Each time, it gets a bit harder to believe that I’m ever going to have a healthy year again. That this is ever going to be manageable.

When I was diagnosed with ulcerative colitis, I initially shrugged it off. Another chronic condition? Sure. Why not. I’ve had asthma my entire life. Horrible allergies. A bad back since I was a teenager. Chronic conditions are my thing. Gimme the three pills a day. I’ll add them to my morning cocktail, no biggie.

But I’ve not been in the “normal” group for UC. I’ve now had three c. diff infections in the past year. This made it so in 2014, I was actually sick for more days than I was well.
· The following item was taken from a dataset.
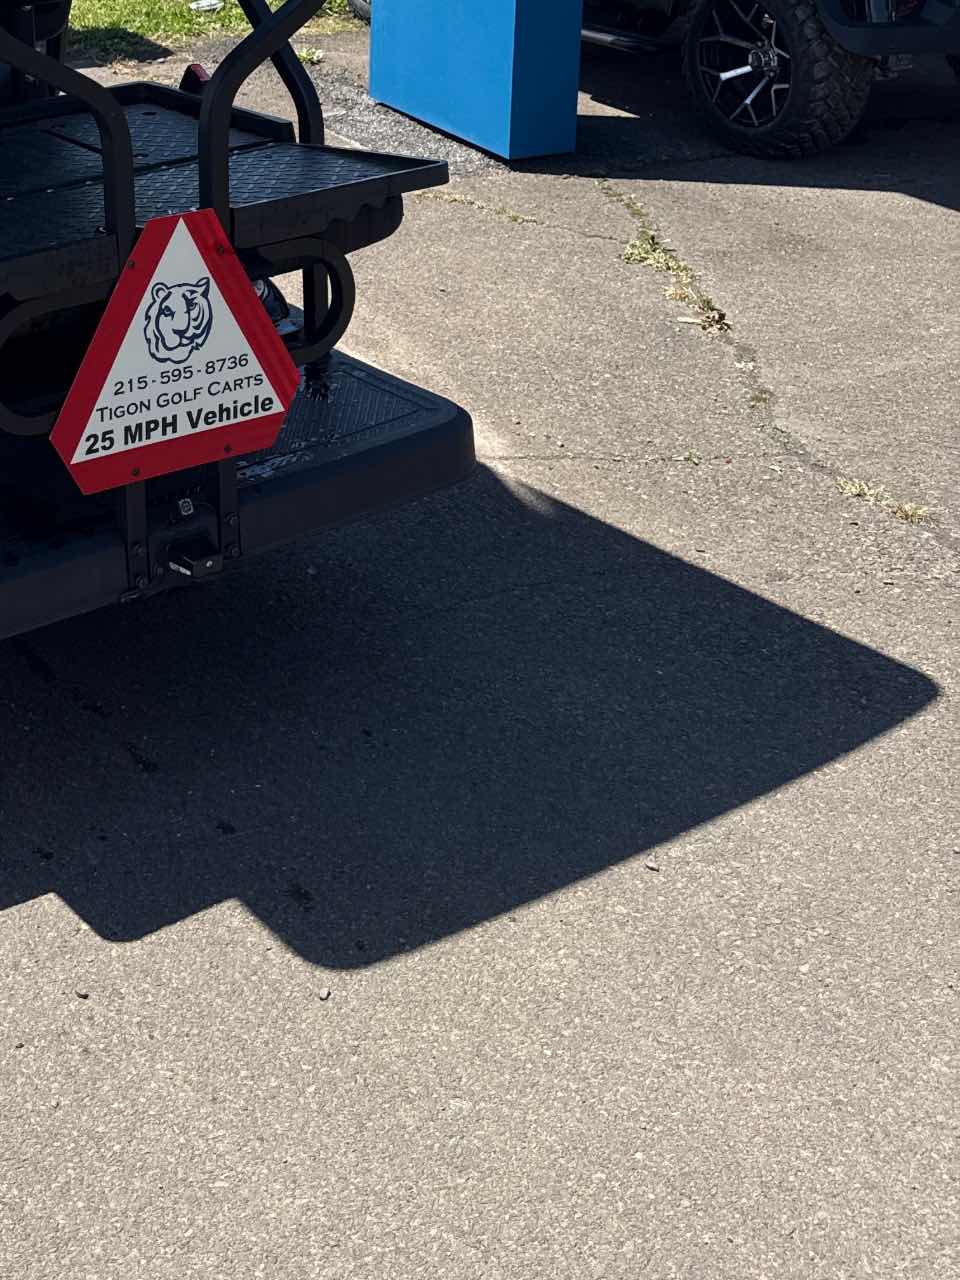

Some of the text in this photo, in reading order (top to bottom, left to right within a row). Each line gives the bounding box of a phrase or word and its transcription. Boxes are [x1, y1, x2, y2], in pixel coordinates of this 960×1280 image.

[85, 395, 274, 455] 25 MPH Vehicle
[96, 374, 264, 422] TIGON GOLF CARTS
This is a fucked up thing to realize when you’re 32.

The post-diagnosis depression had more to do with the other thing it could have been. The potentially fatal thing. It made me ask myself the question, “If you’re dead in a year, will you have been happy with how your life has gone?”

And the resounding answer was, “No.”

That’s a fucked up thing to think when you’re 30.

I use to have a really fucked up definition of “happiness.” I’m a workaholic. I consider a day a success when I’ve barely had time to sit down. I can manage this for weeks at a time. I know it’s unsustainable, so I go through periods of feast and famine, where the periods of famine are filled with me beating myself up because I don’t have the energy to do anything productive.

And when I’m depressed, everything is famine.

But since then, I’ve actually started to change that, so the point that I felt like I was finally starting to break apart that cycle. Prior to this latest c. diff ordeal, I could actually say that I was happy without having to kill myself with work. I started to think that maybe the depression wouldn’t be able to touch me again.

A week ago, I went out to dinner with a friend. He had some minor upset the next day. I have now been on and off the toilet for an entire week. It’s scarier this time. More sudden and at a greater magnitude.

And I find myself asking new questions that terrify me. Is this what the rest of my life is going to be like? I’ve been unlucky with the UC odds so far, does this mean that I’m going to be one of those unlucky people who this kills?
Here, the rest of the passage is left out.